▶ **Exercise goal**: Your reply must contain exactly the lines running from the one with "this 1920×1080 image." to the last line of the entries below, both included, and no other lines.

Spatial localization data:
[Start of Attachment]

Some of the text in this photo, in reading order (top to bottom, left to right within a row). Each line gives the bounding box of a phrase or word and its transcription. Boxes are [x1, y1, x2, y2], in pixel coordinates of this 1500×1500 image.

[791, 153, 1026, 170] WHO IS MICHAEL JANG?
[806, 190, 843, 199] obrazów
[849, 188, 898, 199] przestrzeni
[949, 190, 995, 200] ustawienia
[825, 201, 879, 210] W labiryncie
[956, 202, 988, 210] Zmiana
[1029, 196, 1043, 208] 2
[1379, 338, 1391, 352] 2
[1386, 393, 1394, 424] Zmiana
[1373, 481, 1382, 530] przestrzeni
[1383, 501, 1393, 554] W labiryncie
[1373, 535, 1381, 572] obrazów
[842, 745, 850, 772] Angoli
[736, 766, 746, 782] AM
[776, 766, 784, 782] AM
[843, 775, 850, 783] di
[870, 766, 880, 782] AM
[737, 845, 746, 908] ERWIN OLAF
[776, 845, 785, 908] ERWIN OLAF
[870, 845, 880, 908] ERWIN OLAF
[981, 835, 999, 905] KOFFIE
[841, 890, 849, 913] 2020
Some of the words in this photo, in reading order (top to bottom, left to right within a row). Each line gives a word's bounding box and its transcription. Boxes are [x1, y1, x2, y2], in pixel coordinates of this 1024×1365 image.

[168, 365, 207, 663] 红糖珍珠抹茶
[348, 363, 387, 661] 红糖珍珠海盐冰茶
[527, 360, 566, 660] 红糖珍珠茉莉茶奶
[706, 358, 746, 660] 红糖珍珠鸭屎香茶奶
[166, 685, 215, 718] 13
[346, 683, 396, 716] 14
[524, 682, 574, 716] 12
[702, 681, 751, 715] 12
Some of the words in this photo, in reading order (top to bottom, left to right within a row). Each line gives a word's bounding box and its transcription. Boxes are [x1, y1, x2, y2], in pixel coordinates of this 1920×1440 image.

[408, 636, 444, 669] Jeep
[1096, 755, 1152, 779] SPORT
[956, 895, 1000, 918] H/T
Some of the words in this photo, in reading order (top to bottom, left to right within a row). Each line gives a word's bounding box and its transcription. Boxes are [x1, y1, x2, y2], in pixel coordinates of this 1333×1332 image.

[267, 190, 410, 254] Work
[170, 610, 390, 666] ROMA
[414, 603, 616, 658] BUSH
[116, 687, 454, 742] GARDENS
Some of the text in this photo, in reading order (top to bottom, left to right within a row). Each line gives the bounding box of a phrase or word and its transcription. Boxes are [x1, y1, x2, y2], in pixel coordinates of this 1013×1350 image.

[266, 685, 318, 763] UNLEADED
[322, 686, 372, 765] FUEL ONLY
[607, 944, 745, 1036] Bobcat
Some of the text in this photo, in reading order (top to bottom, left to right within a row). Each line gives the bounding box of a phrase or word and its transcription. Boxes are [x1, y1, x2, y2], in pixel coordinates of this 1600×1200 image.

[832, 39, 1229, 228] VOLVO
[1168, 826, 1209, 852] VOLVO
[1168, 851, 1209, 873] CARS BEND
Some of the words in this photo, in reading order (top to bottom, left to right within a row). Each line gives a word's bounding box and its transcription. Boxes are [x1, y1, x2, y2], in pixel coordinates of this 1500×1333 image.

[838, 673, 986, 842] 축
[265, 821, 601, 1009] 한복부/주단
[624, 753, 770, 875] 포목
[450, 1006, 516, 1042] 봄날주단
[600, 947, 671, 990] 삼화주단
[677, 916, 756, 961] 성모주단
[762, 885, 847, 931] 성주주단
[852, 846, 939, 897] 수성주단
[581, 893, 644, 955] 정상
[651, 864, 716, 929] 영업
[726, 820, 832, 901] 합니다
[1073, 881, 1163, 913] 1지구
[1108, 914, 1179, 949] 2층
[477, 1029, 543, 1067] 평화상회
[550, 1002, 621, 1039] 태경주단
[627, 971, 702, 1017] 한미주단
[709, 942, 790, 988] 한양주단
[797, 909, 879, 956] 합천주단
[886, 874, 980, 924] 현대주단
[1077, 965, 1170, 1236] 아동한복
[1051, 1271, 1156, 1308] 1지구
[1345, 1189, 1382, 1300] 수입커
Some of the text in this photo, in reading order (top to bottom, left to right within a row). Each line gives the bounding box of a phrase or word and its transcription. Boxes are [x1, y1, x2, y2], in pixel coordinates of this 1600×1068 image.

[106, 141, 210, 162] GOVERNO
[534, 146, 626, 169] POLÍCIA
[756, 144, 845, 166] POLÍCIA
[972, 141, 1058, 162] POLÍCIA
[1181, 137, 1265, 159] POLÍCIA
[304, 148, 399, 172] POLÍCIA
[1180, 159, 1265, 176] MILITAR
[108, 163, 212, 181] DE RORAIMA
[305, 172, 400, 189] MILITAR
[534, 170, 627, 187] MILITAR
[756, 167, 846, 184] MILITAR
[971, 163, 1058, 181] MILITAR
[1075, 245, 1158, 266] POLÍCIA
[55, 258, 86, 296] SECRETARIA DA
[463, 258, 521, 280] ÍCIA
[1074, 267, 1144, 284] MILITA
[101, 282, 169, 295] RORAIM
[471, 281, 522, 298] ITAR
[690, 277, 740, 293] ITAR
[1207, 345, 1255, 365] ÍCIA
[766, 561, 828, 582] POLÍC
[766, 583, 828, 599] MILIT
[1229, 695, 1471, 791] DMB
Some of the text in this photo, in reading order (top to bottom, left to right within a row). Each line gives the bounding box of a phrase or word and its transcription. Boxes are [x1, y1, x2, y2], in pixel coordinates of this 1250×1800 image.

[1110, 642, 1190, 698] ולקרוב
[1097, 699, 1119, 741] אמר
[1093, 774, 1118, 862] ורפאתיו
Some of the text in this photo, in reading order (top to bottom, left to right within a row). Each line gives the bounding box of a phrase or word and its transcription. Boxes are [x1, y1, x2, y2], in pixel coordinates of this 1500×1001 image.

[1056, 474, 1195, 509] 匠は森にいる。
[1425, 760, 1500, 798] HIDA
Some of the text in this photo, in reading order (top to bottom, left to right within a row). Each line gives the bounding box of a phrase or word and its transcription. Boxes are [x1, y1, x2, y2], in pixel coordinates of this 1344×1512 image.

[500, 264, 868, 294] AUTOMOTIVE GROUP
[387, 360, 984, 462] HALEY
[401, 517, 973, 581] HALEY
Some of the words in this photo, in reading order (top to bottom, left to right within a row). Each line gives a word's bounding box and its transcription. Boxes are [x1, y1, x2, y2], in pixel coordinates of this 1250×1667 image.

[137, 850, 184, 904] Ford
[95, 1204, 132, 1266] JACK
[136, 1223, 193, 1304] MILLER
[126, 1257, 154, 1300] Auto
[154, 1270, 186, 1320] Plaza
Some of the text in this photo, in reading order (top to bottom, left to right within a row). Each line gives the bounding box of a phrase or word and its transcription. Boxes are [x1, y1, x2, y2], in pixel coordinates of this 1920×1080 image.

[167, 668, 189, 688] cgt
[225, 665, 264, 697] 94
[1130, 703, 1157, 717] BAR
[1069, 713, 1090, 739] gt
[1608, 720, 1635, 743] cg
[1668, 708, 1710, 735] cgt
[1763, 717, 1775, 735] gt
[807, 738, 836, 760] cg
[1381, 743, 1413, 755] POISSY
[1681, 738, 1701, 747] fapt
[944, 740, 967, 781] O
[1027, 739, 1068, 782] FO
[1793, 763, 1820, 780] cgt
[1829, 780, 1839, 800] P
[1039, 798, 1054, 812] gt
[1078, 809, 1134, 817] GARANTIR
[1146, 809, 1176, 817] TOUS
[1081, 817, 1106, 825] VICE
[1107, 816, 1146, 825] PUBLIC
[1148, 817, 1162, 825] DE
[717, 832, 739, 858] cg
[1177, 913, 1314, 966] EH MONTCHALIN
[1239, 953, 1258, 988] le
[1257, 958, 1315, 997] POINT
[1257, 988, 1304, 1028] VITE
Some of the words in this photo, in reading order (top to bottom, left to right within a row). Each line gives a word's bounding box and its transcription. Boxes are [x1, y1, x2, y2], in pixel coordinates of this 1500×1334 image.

[End of Attachment]

▶ **Result**:
Some of the text in this photo, in reading order (top to bottom, left to right within a row). Each line gives the bounding box of a phrase or word and its transcription. Boxes are [x1, y1, x2, y2], in pixel coordinates of this 1920×1080 image.

[167, 668, 189, 688] cgt
[225, 665, 264, 697] 94
[1130, 703, 1157, 717] BAR
[1069, 713, 1090, 739] gt
[1608, 720, 1635, 743] cg
[1668, 708, 1710, 735] cgt
[1763, 717, 1775, 735] gt
[807, 738, 836, 760] cg
[1381, 743, 1413, 755] POISSY
[1681, 738, 1701, 747] fapt
[944, 740, 967, 781] O
[1027, 739, 1068, 782] FO
[1793, 763, 1820, 780] cgt
[1829, 780, 1839, 800] P
[1039, 798, 1054, 812] gt
[1078, 809, 1134, 817] GARANTIR
[1146, 809, 1176, 817] TOUS
[1081, 817, 1106, 825] VICE
[1107, 816, 1146, 825] PUBLIC
[1148, 817, 1162, 825] DE
[717, 832, 739, 858] cg
[1177, 913, 1314, 966] EH MONTCHALIN
[1239, 953, 1258, 988] le
[1257, 958, 1315, 997] POINT
[1257, 988, 1304, 1028] VITE
Some of the words in this photo, in reading order (top to bottom, left to right within a row). Each line gives a word's bounding box and its transcription. Boxes are [x1, y1, x2, y2], in pixel coordinates of this 1500×1334 image.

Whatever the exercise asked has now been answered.